La médiathèque Le Phénix de Colombelles, partenaire du Festival À Partir du Réel, recevait dans le cadre de son café littéraire Olivier Liron, l’auteur de Einstein, le sexe et moi. L’occasion de faire la connaissance de l’auteur du coup de cœur de Mélanie auquel nous adhérons totalement. Merci au Phénix de nous avoir fait partager cette jolie rencontre et ce beau moment de partage.
Olivier Liron est né en 1987, il étudie à l’école normale supérieure, réussit l’agrégation d’espagnol puis enseigne la littérature comparée à la Sorbonne avant de se consacrer à l’écriture et au théâtre, en parallèle il se forme au théâtre et à la danse.
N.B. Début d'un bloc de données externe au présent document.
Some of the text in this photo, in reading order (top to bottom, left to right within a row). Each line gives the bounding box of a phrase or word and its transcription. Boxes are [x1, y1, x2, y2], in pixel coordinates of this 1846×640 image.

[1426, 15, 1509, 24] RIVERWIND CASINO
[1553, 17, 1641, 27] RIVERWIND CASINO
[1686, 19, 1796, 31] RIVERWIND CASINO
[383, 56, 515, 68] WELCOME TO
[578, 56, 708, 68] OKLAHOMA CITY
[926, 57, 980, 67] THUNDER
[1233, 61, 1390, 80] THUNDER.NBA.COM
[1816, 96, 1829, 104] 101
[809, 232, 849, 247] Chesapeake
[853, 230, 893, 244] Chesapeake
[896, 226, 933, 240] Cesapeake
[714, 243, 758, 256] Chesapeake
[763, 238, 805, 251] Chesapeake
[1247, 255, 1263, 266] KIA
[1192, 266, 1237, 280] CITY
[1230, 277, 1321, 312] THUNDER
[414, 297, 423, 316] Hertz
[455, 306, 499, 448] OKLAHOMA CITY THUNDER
Il publie son premier roman Danse d’atomes d’or en 2016. Il est également auteur de pièces de théâtre et de scénarios pour le cinéma et y adapte son premier roman en 2017, son second roman parait en 2018 aux éditions Alma.
Tout au long de ce rendez-vous, Olivier Liron a alterné la lecture d’extraits de son roman, ses réflexions et terminé par un échange avec le public. Nous vous livrons quelques moments de cette belle matinée.
En préambule, Olivier Liron nous dit être ravi d’être reçu à Colombelles, fief de la madeleine et choisit de nous faire une lecture du chapitre IV de son livre.
Le plafond était fissuré et j’avais de l’eau qui me tombait sur le crâne ; ça faisait floc, floc. Il y avait des bruits qui venaient du plateau, une odeur de brûlé, et la lumière agressive et vénéneuse des spots. J’allais entrer sur le plateau d’un moment à l’autre et je révisais dans ma tête les dates de naissance des cyclistes célèbres. Gino Bartali : 1914. Jean Robic : 1921. Louison Bobet : 1925, né à Saint-Méen-le-Grand en Ile et Vilaine. Et Julien Lepers a surgi de nulle part, et s’est approché de moi. Je ne l’avais pas vu arriver. Julien Lepers a un physique formidable, une tête très grande en proportion de son corps, un crâne énorme posé sur un tronc courtaud et robuste. Comme un bonhomme de neige ou à la rigueur un brocoli. Julien Lepers est quelqu’un de très doux et aussi de très mélancolique. Je crois que c’est un homme qui pleure son idéal déchu devant la réalité sèche, misérable et désenchantée. Il n’arrive pas à faire le deuil du chanteur qu’il aurait voulu devenir, et c’est pour ça qu’il parle d’une façon aussi étonnante et musicale...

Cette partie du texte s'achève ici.